The usual Chinese rhetoric has been on display once again at the Friends of BRICS countries meeting in Johannesburg. The talks between the NSA Ajit Doval and director of CCP foreign affairs commissioner and the current foreign minister of China, Wang Yi had huddled the attention for India’s forthright strategic messaging. Explicitly pointing to “eroded strategic trust and the public and political basis of the relationship” since the 2020 Galwan incident, Doval categorically emphasised for “restoration of peace and tranquillity at the borders so as to remove impediments to the normalcy in bilateral relations”. Addressing the border issue is the priority for India which Beijing continues to defer.
China’s approach is evident from the
Chinese readout, with Wang calling “for enhancing mutual trust, focus on
consensus and cooperation, overcome obstacles and bring bilateral relations back
on track of sound and stable development” and stressing, “China will
never seek hegemony and stands ready to work with developing countries,
including India to support multilateralism and support the democratisation of
international relations, and promote the more just and equitable development of
international order”1.
Unflinched by China’s diversionary
tactics, earlier in Jakarta along the sidelines of ARF (ASEAN Regional Forum)

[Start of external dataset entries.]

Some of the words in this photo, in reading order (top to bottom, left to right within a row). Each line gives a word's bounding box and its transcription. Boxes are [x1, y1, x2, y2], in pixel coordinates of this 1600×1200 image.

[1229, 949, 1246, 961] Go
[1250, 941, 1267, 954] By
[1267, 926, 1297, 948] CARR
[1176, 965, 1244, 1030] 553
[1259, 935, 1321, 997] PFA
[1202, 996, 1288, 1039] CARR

Ministerial meeting, EAM Jaishankar delivered a similar message to Wang Yi.
India has firmly resisted the mythical peace posturing of China. Defence
Minister Rajnath in his talks with his counterpart also reiterated that “violation
of existing agreements has eroded the basis of bilateral relations and
disengagement at the border will logically be followed with de-escalation”2
while General Shangfu persisted India and China have, “more common
interests than divergences”3.
The discernible pattern of Chinese
obfuscation is in line with China’s demurral to the 19th round of Corps-Commander
level talks for troop disengagement at Depsang Plains and Charding Ningnung
Nallah (CNN) at Demchok junction and massive troop accumulation. The 18th
round of talks was held on April 23rd ahead of the SCO Defence
Ministers meeting. Bolstered by the rapid build-up of infrastructure across the
LAC on both sides the heightened military confrontation has entered the fourth
summer making borders restive. But China, intent on keeping the borders unstable
to use as leverage against India is evading direct talks.

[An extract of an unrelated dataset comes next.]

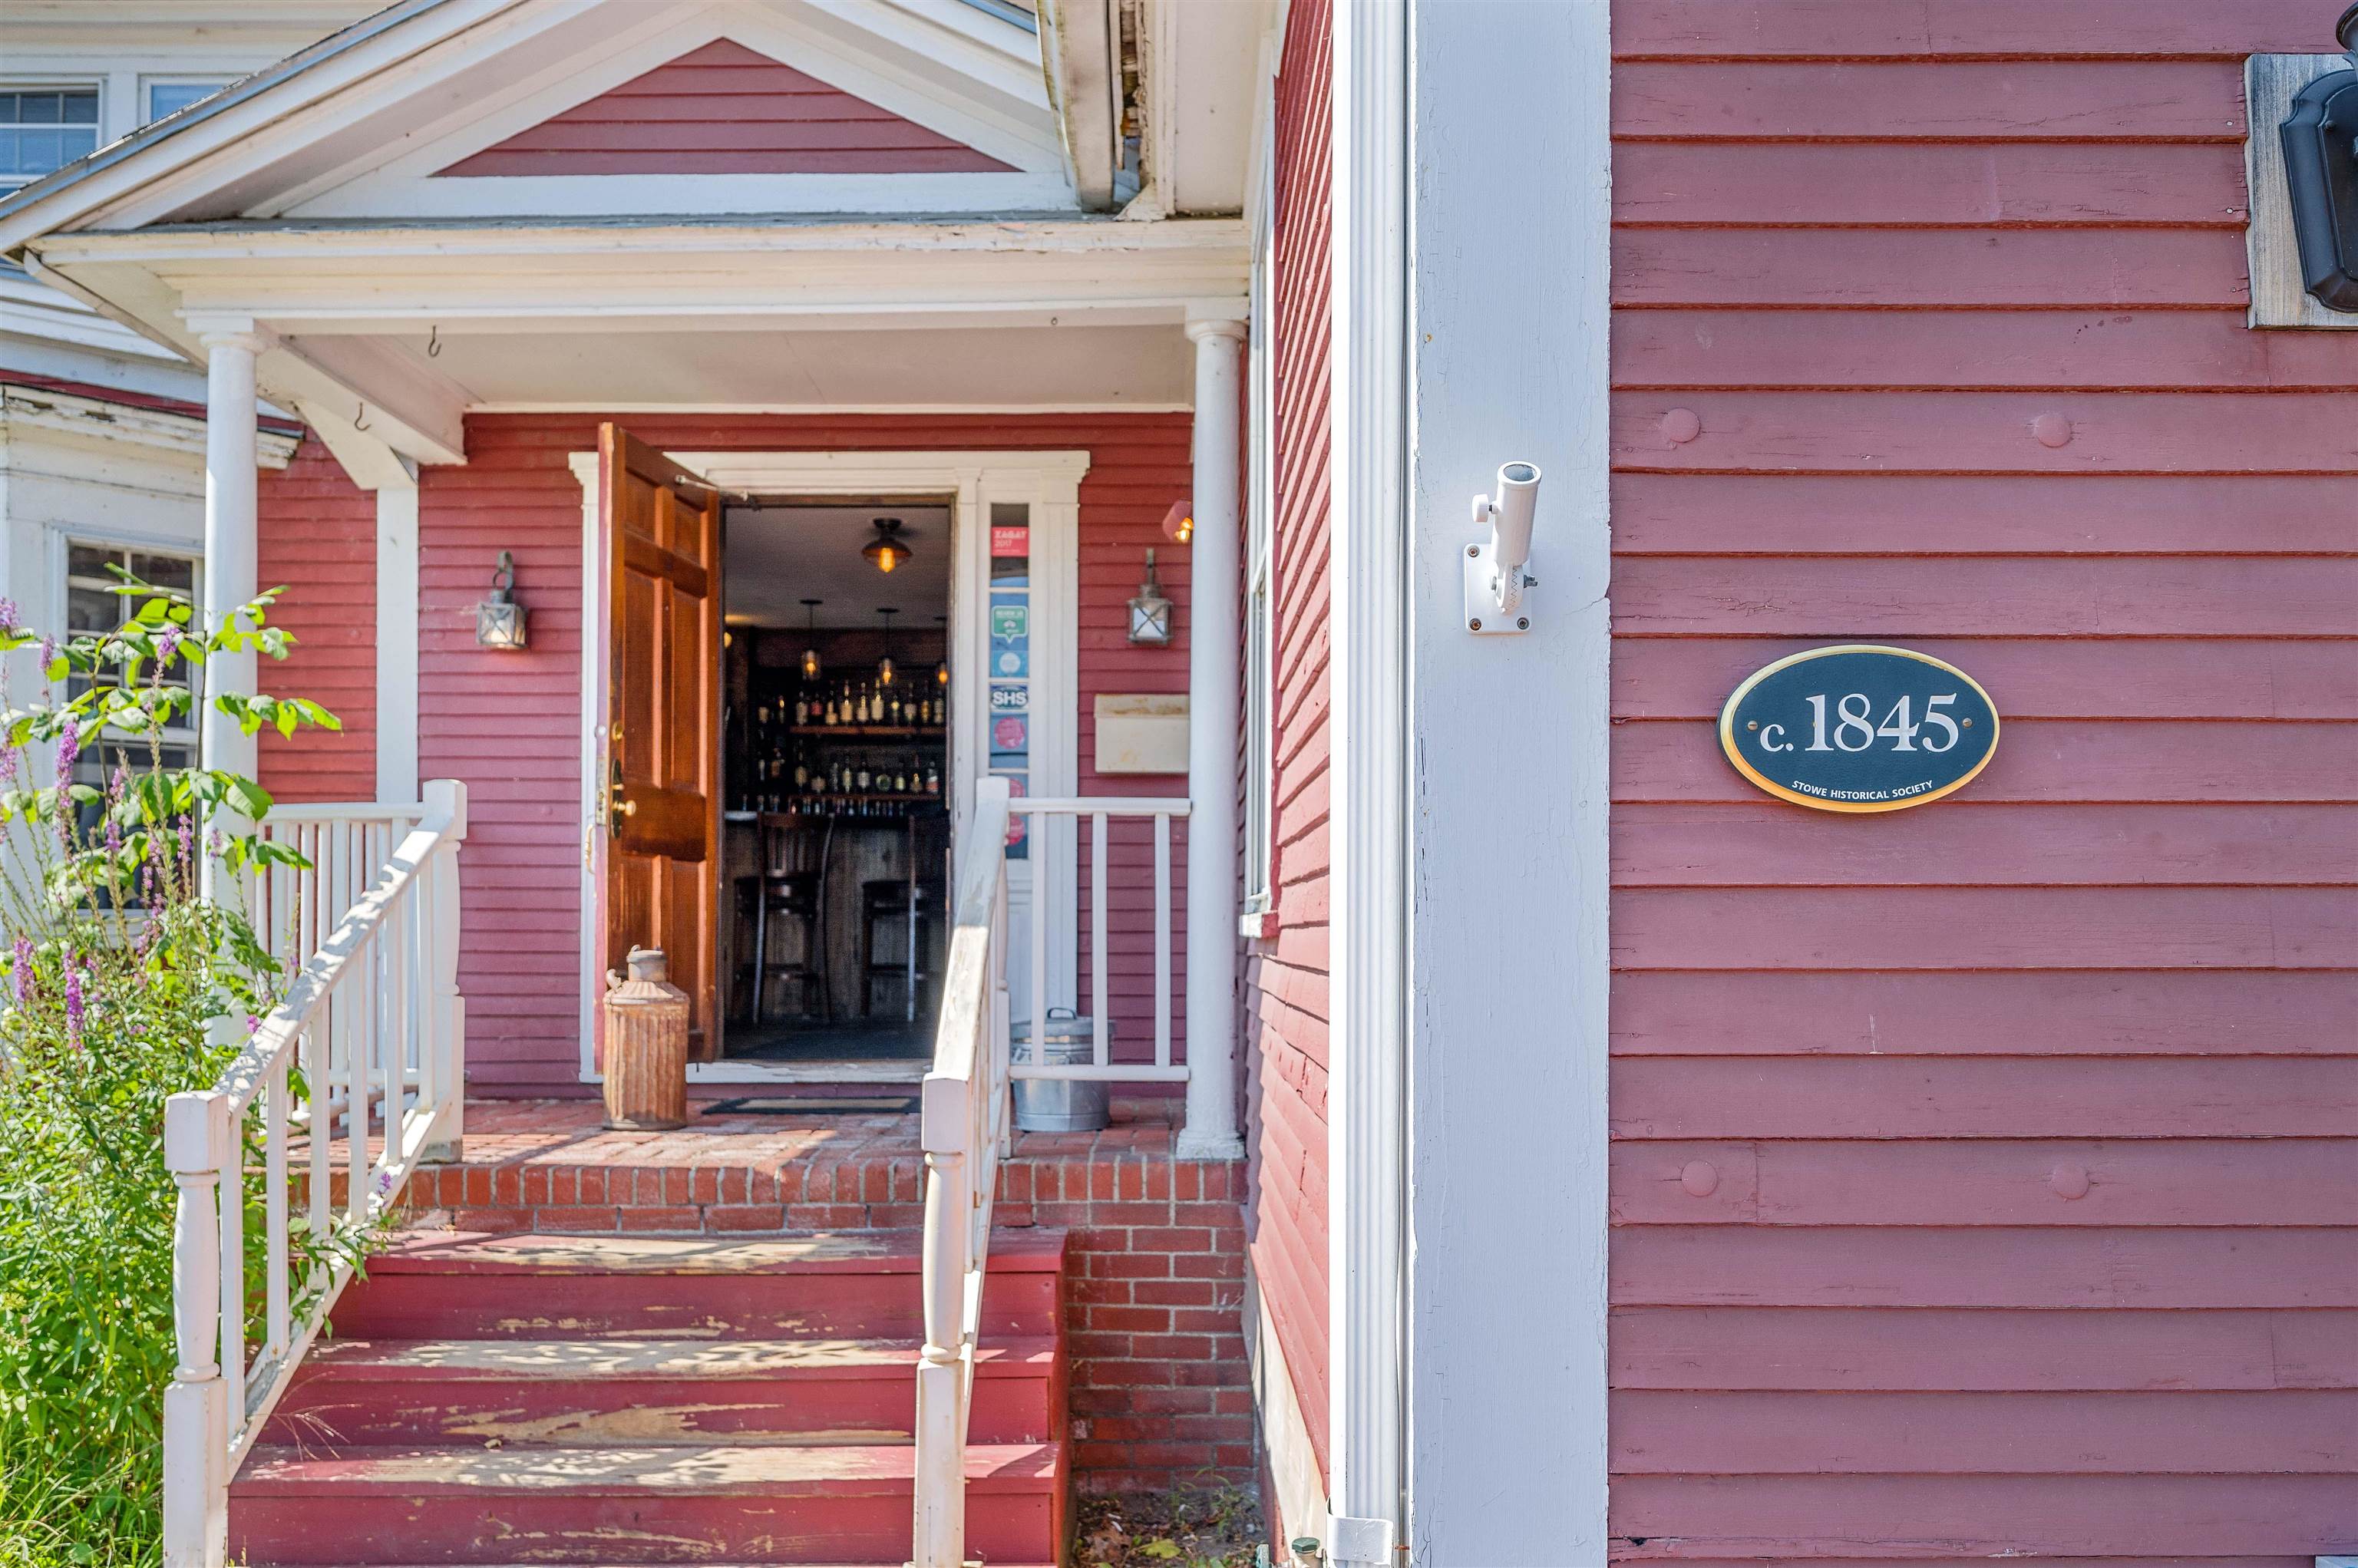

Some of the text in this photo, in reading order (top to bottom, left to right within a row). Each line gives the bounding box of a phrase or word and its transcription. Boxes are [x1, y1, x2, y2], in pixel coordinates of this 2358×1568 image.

Taking away the focus from the border
issue, post Doval-Wang meeting, the Chinese foreign ministry released a
statement mentioning that Xi and Modi have arrived at an “important
consensus on stabilising India-China relations” at G20 Bali Summit. The readout
states, “the two sides should adhere to the strategic judgement of the
leaders… that ‘they do not pose a threat to each other, and they are
each other’s development opportunities’, truly implement the consensus on
stabilising bilateral relations into specific policies, and translate them into
concerted actions by various departments and fields, enhance strategic mutual
trust, focus on consensus and cooperation, overcome interference and
difficulties, and promote the return of bilateral relations to the track of
healthy and stable development at an early date”4.

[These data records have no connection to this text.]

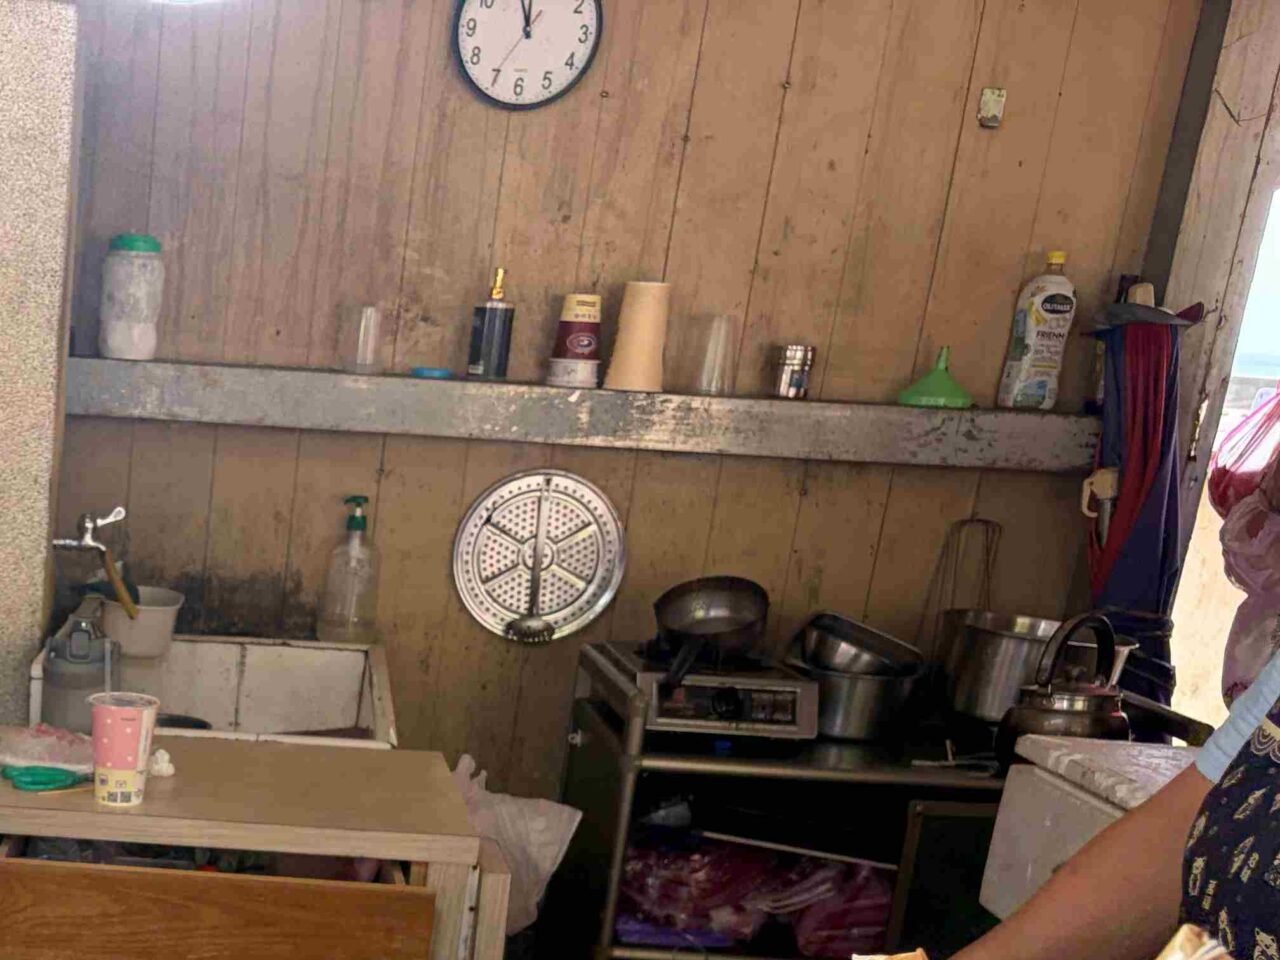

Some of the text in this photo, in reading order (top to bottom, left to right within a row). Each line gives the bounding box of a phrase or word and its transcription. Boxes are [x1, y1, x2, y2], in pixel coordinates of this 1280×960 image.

[466, 18, 477, 37] 9
[578, 24, 589, 43] 3
[470, 46, 481, 65] 8
[564, 52, 575, 71] 4
[491, 68, 501, 87] 7
[513, 77, 525, 96] 6
[541, 71, 553, 90] 5

Post Bali Summit, briefing the press
foreign secretary Vinay Kwatra has informed about both leaders exchanging
courtesies and there was no mention of talk on border issues. Issuing a clarification to the Chinese
readout, the MEA spokesperson said, Foreign Secretary left out the two leaders
speaking about the border situation then and added, that they spoke of the need
to “stabilise our bilateral relations”.
Clearly, the timing of the release of
the Chinese readout is a suspect. Given India’s domestic political landscape
heating up in the run-up to elections analysts opine that China’s clever spin
on the relations might provide a handle to the Congress to needle PM Modi. But in
the global milieu, the management of China in the contemporary world order has
become more challenging. The optimism over China’s rise has transformed into an
exigency prompting the West to reorient their “Strategy of China”.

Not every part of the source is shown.